By Nick Baker
March 30 (Bloomberg) — Investors should sell U.S. stocks following the steepest rally since the 1930s because earnings are likely to keep weakening, according to Morgan Stanley.
The Standard & Poor’s 500 Index has advanced 21 percent in the past 14 trading days, the most since 1938, according to data compiled by New York-based S&P analyst Howard Silverblatt. It closed at 815.94 last week, rebounding from the 12-year low of 676.53 reached on March 9.
“We cannot see large upside for the S&P 500 above the 825- 850 level,” Morgan Stanley strategist Jason Todd wrote in a report dated yesterday. “We see a lack of fundamental support outside the financial sector, where there is now a fast-growing belief that policy action and bank guarantees may have finally backstopped the downside.”
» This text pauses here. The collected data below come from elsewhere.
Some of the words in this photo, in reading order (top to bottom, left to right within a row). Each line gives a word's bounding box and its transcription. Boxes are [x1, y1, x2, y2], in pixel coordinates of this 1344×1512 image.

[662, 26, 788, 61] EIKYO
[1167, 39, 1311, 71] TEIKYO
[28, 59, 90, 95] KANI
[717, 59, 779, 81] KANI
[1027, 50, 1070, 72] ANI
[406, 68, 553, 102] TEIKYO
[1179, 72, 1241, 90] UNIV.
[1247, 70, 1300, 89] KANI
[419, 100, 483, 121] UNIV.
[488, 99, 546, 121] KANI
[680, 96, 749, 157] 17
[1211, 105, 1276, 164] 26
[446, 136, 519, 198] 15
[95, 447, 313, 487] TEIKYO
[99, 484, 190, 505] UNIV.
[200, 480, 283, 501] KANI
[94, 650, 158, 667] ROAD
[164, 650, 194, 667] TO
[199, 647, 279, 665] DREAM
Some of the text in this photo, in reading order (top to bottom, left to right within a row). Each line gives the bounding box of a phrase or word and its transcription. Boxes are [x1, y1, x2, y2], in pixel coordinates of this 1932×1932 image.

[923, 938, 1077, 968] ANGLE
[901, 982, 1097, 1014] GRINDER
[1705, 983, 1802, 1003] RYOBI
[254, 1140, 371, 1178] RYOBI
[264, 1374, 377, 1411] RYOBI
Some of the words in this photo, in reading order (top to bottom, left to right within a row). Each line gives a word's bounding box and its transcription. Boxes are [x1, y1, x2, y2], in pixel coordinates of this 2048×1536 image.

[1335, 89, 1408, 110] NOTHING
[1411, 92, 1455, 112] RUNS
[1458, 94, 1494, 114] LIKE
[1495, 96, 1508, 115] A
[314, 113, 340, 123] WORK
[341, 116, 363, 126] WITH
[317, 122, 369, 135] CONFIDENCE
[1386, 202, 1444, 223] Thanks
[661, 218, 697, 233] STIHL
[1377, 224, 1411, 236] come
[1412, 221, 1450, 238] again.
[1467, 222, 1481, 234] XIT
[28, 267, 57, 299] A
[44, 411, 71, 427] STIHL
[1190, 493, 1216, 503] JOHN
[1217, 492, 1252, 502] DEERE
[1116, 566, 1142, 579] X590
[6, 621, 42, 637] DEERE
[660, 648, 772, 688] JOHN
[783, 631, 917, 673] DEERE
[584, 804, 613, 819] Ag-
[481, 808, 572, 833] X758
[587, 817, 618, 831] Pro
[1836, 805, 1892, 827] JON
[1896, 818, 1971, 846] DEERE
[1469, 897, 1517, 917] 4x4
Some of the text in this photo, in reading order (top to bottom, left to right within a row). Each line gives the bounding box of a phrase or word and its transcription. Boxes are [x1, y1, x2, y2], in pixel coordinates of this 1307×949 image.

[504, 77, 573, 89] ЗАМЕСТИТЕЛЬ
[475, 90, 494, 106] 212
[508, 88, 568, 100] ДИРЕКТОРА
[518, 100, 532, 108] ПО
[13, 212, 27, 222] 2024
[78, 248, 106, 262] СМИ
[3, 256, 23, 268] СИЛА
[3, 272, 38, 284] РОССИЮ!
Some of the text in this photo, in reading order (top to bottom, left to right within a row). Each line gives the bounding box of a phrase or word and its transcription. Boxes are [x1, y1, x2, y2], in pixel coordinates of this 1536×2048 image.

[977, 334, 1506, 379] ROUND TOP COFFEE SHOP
U.S. companies will start reporting results for the first quarter in the next two weeks. Analysts, who have overestimated profits for every period since the third quarter of 2007, expect S&P 500 earnings to drop 36 percent on average, paced by retailers, automakers and semiconductor suppliers, according to data compiled by Bloomberg. They’re forecasting S&P 500 companies won’t halt the longest streak of declining earnings since at least 1947 until the fourth quarter.
“In the rush to buy a cyclical recovery, it seems earnings or valuation no longer matters,” Todd said. “We would be comfortable with this view if the earnings trough was closer, but it is not, and we think this does matter.”